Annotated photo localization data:
###
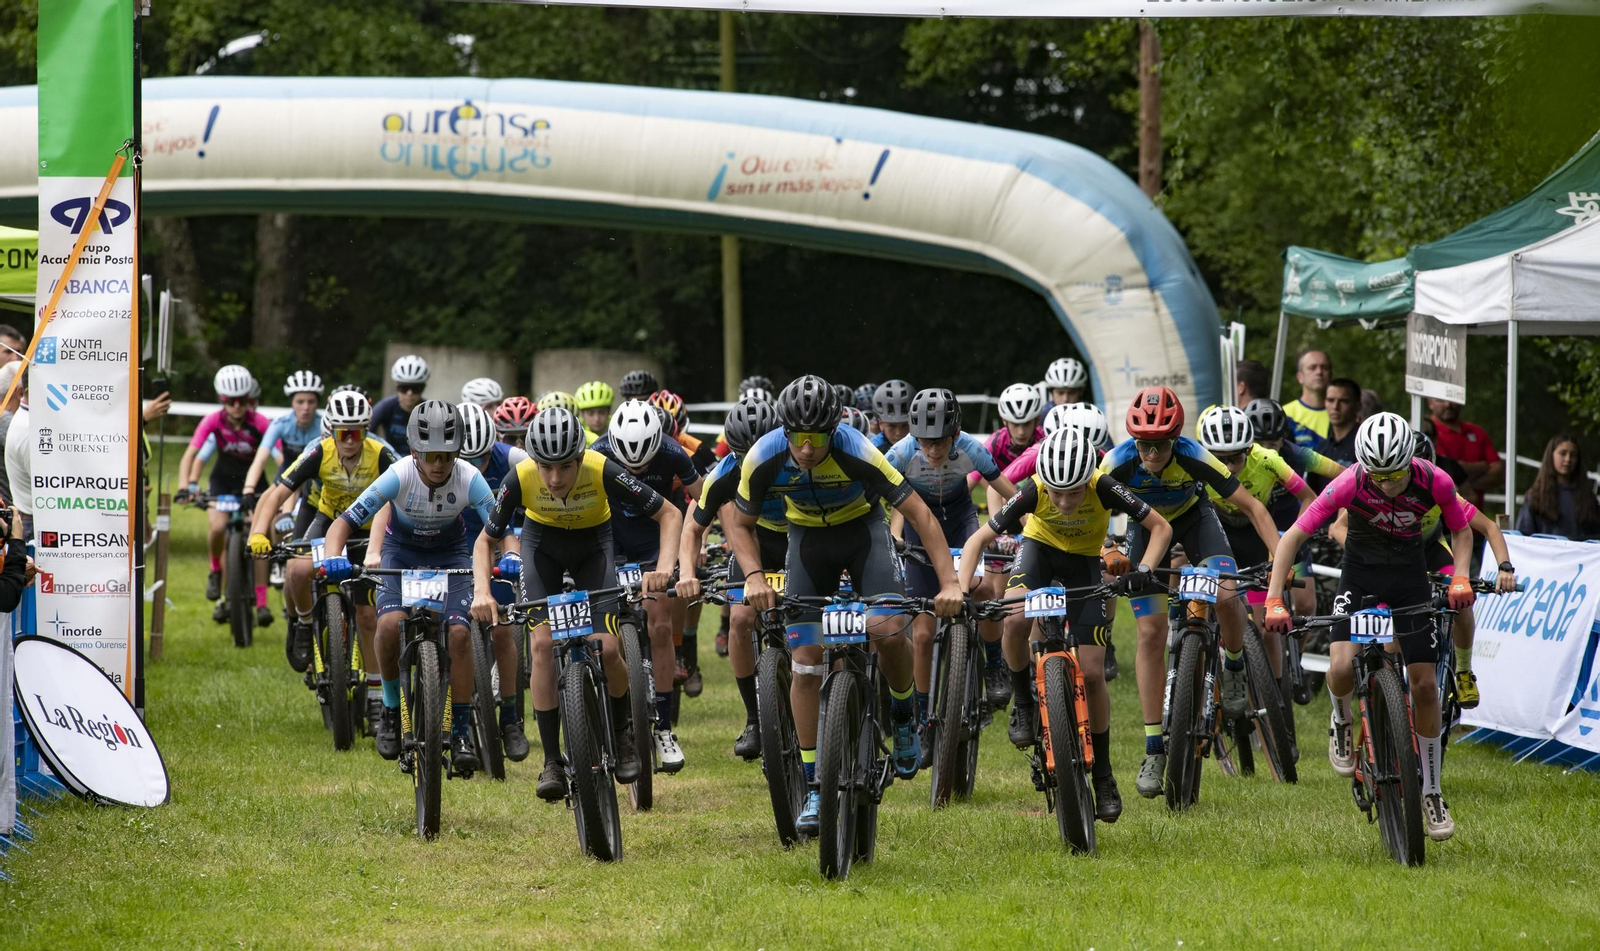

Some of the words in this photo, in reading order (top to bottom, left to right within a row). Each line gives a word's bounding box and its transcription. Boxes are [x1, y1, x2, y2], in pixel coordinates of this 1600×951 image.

[382, 98, 551, 138] ourense
[725, 182, 755, 197] sin
[41, 254, 100, 264] Acadmia
[105, 255, 133, 264] Posta
[60, 309, 106, 319] Xacobeo
[61, 338, 102, 349] XUNTA
[61, 351, 75, 361] DE
[78, 351, 128, 362] GALICIA
[1134, 372, 1189, 387] inorde
[72, 384, 114, 393] DEPORTE
[72, 392, 110, 401] GALEGO
[58, 433, 128, 443] DEPUTACIÓN
[58, 444, 109, 453] OURENSE
[34, 475, 128, 490] BICIPARQUE
[35, 496, 128, 511] CCMACEDA
[60, 532, 129, 547] PERSAN
[1182, 575, 1217, 595] 1120
[1027, 594, 1065, 610] 1105
[550, 601, 591, 629] 1102
[824, 611, 864, 635] 1103
[1353, 614, 1391, 635] 1107
[62, 626, 102, 636] inorde
[65, 641, 93, 649] urismo
[95, 640, 126, 649] Ourense
[33, 693, 72, 731] La
[64, 704, 143, 751] Región
###
**Work instructions**.
What is needed is a verbatim copy of every entry, with the pictures omitted.

**Problem solution**.
Some of the words in this photo, in reading order (top to bottom, left to right within a row). Each line gives a word's bounding box and its transcription. Boxes are [x1, y1, x2, y2], in pixel coordinates of this 1600×951 image.

[382, 98, 551, 138] ourense
[725, 182, 755, 197] sin
[41, 254, 100, 264] Acadmia
[105, 255, 133, 264] Posta
[60, 309, 106, 319] Xacobeo
[61, 338, 102, 349] XUNTA
[61, 351, 75, 361] DE
[78, 351, 128, 362] GALICIA
[1134, 372, 1189, 387] inorde
[72, 384, 114, 393] DEPORTE
[72, 392, 110, 401] GALEGO
[58, 433, 128, 443] DEPUTACIÓN
[58, 444, 109, 453] OURENSE
[34, 475, 128, 490] BICIPARQUE
[35, 496, 128, 511] CCMACEDA
[60, 532, 129, 547] PERSAN
[1182, 575, 1217, 595] 1120
[1027, 594, 1065, 610] 1105
[550, 601, 591, 629] 1102
[824, 611, 864, 635] 1103
[1353, 614, 1391, 635] 1107
[62, 626, 102, 636] inorde
[65, 641, 93, 649] urismo
[95, 640, 126, 649] Ourense
[33, 693, 72, 731] La
[64, 704, 143, 751] Región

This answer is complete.